GAZETA WYBORCZA readers’ questions to Jonathan Carroll:


1. Which out of all the ordinary things makes you smile and does it become the most magical thing at this very moment?

When life smiles at you, or winks. A dog in front of you on the street leaps into the air for sheer joy. A man who’s had too much to drink starts singing suddenly and he’s got a damned good voice. A beautiful woman looks at you a moment too long when you pass each other on the street. As the architect Le Corbusier said, God is in the details. When those details are apparent, it makes me smile.

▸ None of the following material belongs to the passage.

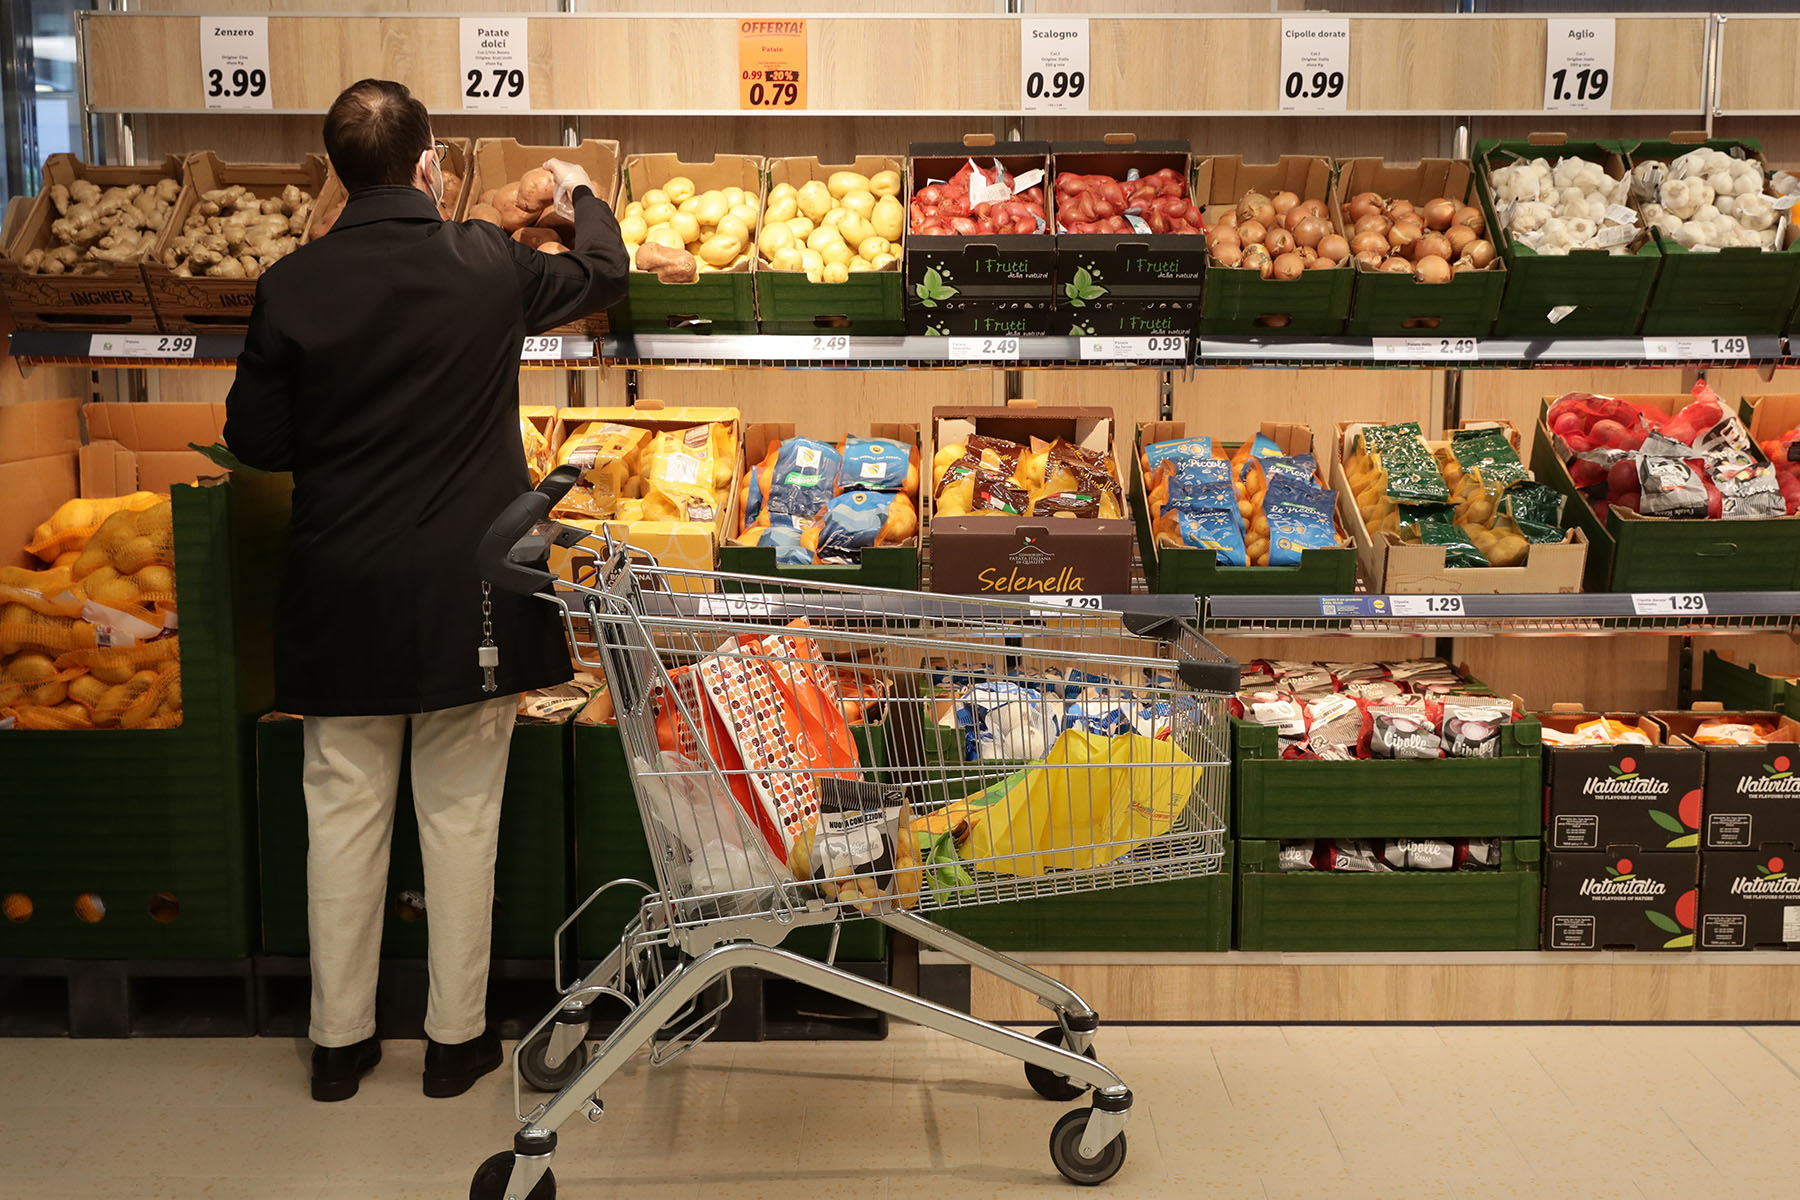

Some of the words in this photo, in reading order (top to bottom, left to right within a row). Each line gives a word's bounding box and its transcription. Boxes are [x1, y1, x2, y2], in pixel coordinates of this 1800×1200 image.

2. What kind of influence does death, a motif so often present in your novels, have on your personal life?

Very little, although in recent times two people I cared for very much died in the same week. I think about it when I am writing because I think death and human love are the only two topics worth telling stories about. The rest is trimming for the Christmas tree. The two big things that affect us all are the things we should spend at least some time thinking about and not ignore simply because they are disturbing or depressing. But in my every day, I don’t spend too much time dwelling over it. I’d rather walk the dog.

3. Writing is sometimes hard to stop. How do you know the right moment you have achieved the final form of the book?

Usually a book tells me when it is finished, not the other way around. Almost every time I have come to what I think is the end of a book, it tells me no, twenty more pages. Or it says you don’t need those extra twenty pages because it is finished now. Always the story is very insistent about its conclusion, and I am not being humorous now—when it says jump, I jump.

4. I associate your books with a line from a poem, which can be paraphrased as “everybody is alone in this earth, nailed with sunbeams”. We are solitary, what is your solitude like?

A friend of mine was approached on the street the other day by a Hare Krishna believer. But before the H.K. could begin his speech, my friend said loudly to him, “I’m lost, but I’m loving it!” The Hare Krishna guy didn’t know what to say and walked away. I like solitude, I like being by myself most of the time. Not because I’m such an interesting person, but because there are a lot of things to do and to think about in solitude which when you’re with others, you push away for various reasons. So I guess I could paraphrase my friend’s line by saying “I’m alone most of the time but I’m loving it!”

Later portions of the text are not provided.